Work in Middle Adulthood
Job Satisfaction
• Only 45% of American workers are satisfied with their
jobs.
• Job satisfaction increases steadily throughout adulthood.
– Increased expertise and income
– Workers are more realistic in middle adulthood
• Blue collar workers
– Report feelings of alienation and dissatisfaction due to
supervisors treating them disrespectfully especially when
supervisor is younger than them
• Women balance work and home but still feel effects of
“glass ceiling”
Career Changes in Middle Adulthood
• Most changes in careers occur during young adulthood
due to responsibilities of middle adults’ life.
• Most career changes in middle adulthood are shifts into
related fields.
• Radical shifts in career can be successful.
• Crisis such as divorce, conflict with a coworker, or
getting fired may force the middle adult to take any job
he/she can find.
Unemployment
• Unemployed adults display lower physical and
psychological well-being than their employed
counterparts.
• Unemployed middle-aged adults have lower well-being
than unemployed young adults.
• Unemployed middle-aged adults for whom work was
more important, had fewer financial resources and
social supports, and blamed themselves for the
unemployment, fared the worst.
• Older women will take lower-paying jobs as long as they
like the work.
Relationships in Middle Adulthood
Evolving Parent-Child Relationships
• Parents are stressed when adolescents do not exert
self-control and they have to direct them in multiple
areas of their life.
• Children who are young adults may still be financially
reliant upon their parents.
– Some still live at home
• Parents balance between staying in touch with the
young adult and interfering with their life choices.
• Living at home as a young adult differs according to
culture as well as location.
• Married children present new family members (in-laws)

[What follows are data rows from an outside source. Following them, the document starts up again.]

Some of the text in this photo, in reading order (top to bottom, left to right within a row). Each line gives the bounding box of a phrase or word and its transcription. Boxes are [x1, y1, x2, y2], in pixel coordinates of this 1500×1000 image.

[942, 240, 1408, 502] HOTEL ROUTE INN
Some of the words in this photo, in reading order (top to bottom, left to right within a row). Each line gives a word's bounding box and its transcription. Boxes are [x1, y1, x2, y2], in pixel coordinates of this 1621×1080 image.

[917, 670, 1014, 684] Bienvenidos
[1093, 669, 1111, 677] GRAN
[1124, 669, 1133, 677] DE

who may or may not enrich their parents’ lives.
Grandparenting
• Grandparents have to choose between reckless
interference or painful neglect.
• Having grandchildren is viewed as a positive life event.

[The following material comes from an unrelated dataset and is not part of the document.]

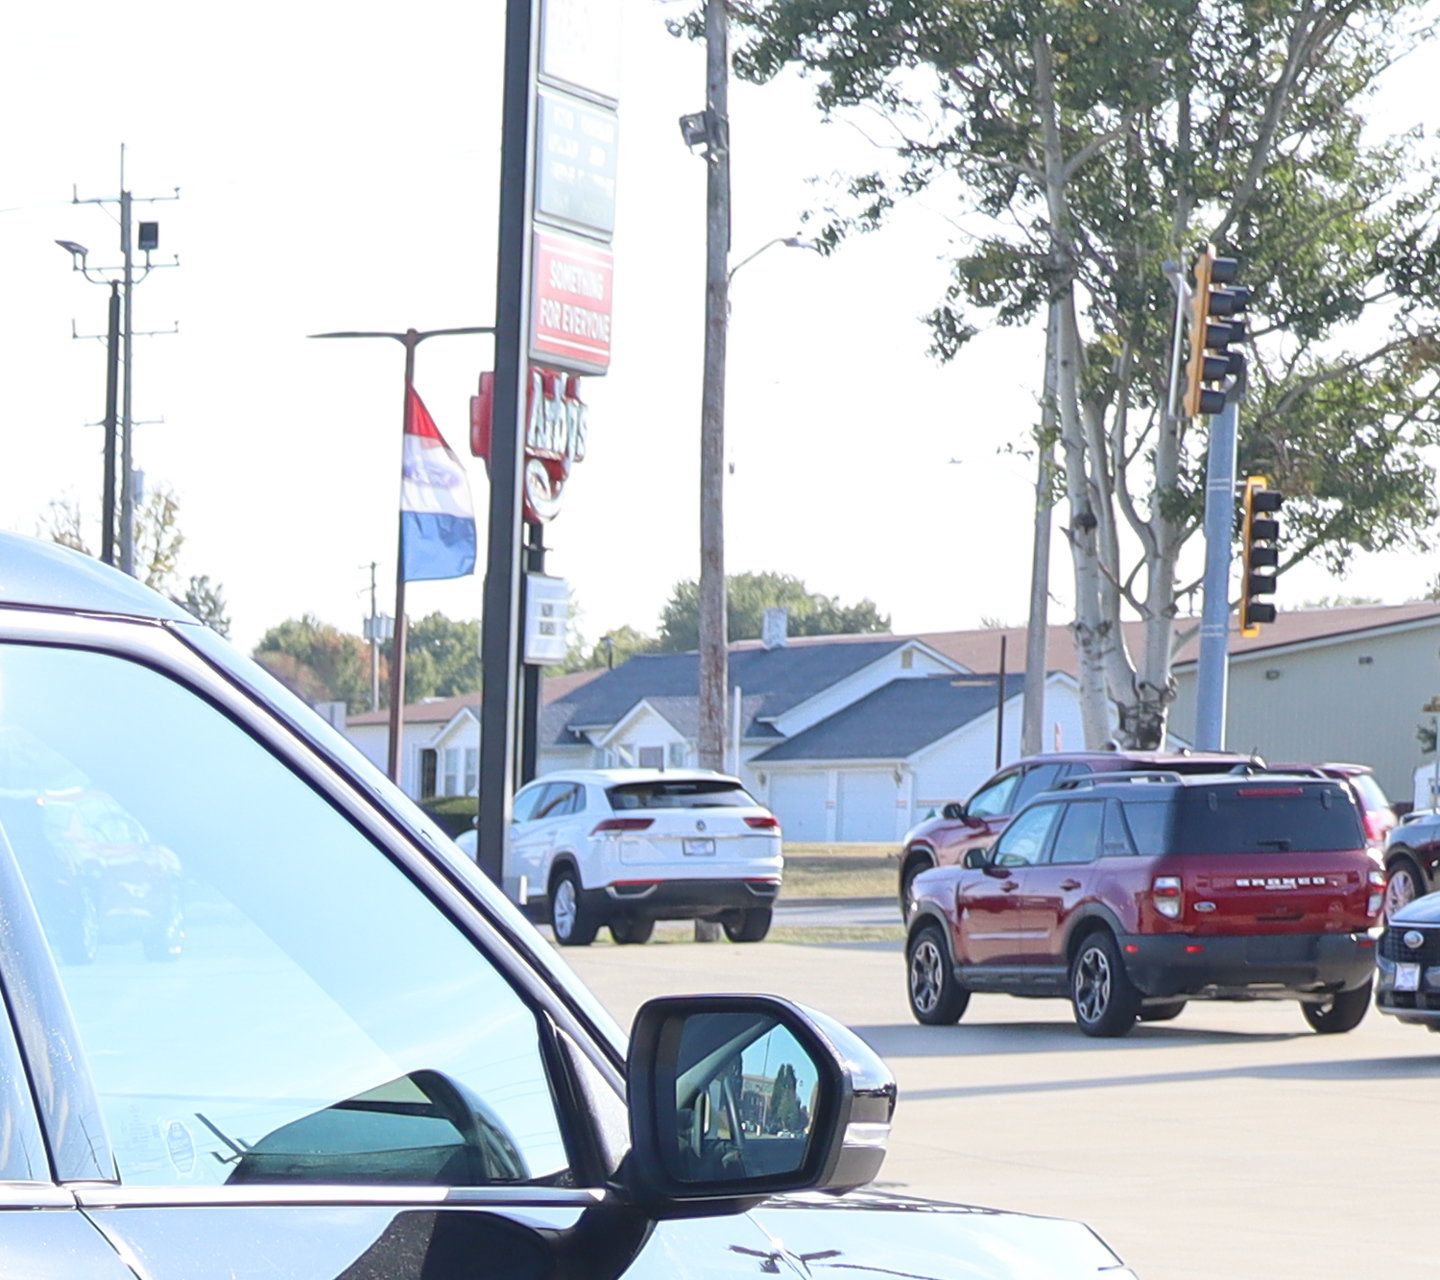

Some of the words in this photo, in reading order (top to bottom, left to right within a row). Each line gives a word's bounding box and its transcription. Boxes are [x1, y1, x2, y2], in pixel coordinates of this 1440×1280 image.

[548, 259, 605, 303] SOMETHING
[539, 298, 561, 331] FOR
[562, 302, 611, 344] EVERYONE

• Grandparents spend a higher proportion of their time
with their grandchildren in recreational and educational
activities.
• Grandchildren tend to spend more time with their
grandmothers than with their grandfathers all the way
through adolescence.
• Grandchildren tend to be more involved with maternal
grandparents than paternal grandparents.
Grandparenting (cont’d)
• Grandparents tend to have resources such as trips
available for grandchildren, but parents do the
caretaking.
• Grandparents have less influence on their grandchildren
when they live with them.
– Conflicts between adult children and grandparents ensue over
parenting
• Some grandparents end up the custodial parent to their
grandchildren.
– Changes the lifestyle of the middle adult and introduces
emotional challenges as well as balancing issues
Middle-Aged Children with Aging Parents
• Most elderly parents live near one of their middle-aged
children.
• Most burden of taking care of the elderly parents falls on
the middle-aged daughter
• Sandwich generation refers to middle-aged daughter
taking care of her own children and/or grandchildren as
well as her aging parents
• Middle-aged female may also be working, causing more
stress; if lucky, she will have a sibling living nearby to
help out
Siblings
• Most people in middle adulthood have at least one living
sibling.
• Nature of sibling relationships reflect the childhood
relationship
• Some sibling relationships get better as they take care
of aging parents together.
• On the other hand, sibling relationship may suffer if only
one of the siblings is taking care of the elderly parent.
Friends
• Adults in middle adulthood tend to have fewer friends.
• Middle-aged adults place value on the friends they do
have.
• Their friends tend to mirror them in interests, activities,
and years of mutual experiences.
• Male friends tend to be more competitive and less likely
to be intimate than female friends.
• Loss of a friend is felt very deeply.